— Requirement —
Verbatim copy without images: repeat the records in full.

— Recorded information —
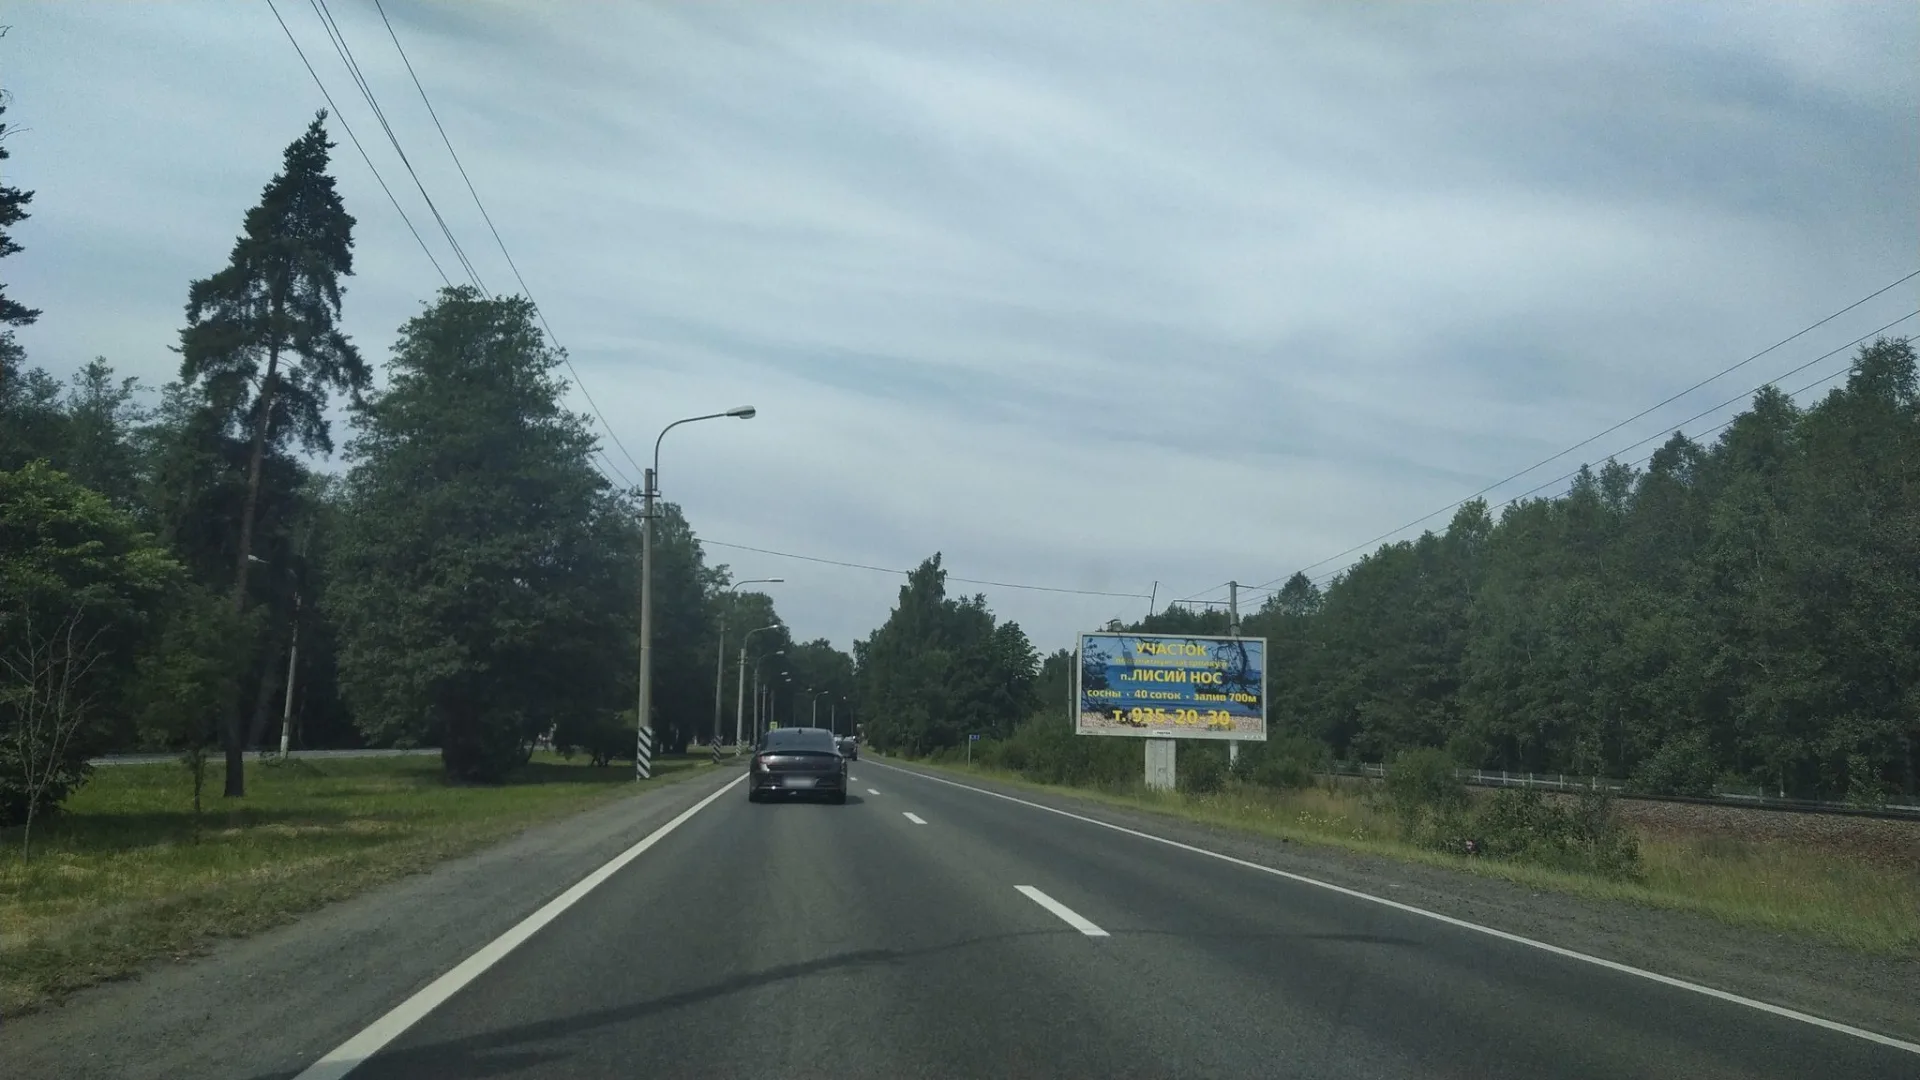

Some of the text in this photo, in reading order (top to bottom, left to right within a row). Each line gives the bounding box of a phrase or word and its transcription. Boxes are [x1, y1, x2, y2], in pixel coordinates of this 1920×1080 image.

[1136, 642, 1208, 657] УЧАСТОК
[1190, 671, 1223, 685] НОС
[1087, 689, 1257, 703] сосны 40 соток залив 700м
[1112, 707, 1231, 725] т. 935-20-30

— Solution to this problem —
Some of the text in this photo, in reading order (top to bottom, left to right within a row). Each line gives the bounding box of a phrase or word and its transcription. Boxes are [x1, y1, x2, y2], in pixel coordinates of this 1920×1080 image.

[1136, 642, 1208, 657] УЧАСТОК
[1190, 671, 1223, 685] НОС
[1087, 689, 1257, 703] сосны 40 соток залив 700м
[1112, 707, 1231, 725] т. 935-20-30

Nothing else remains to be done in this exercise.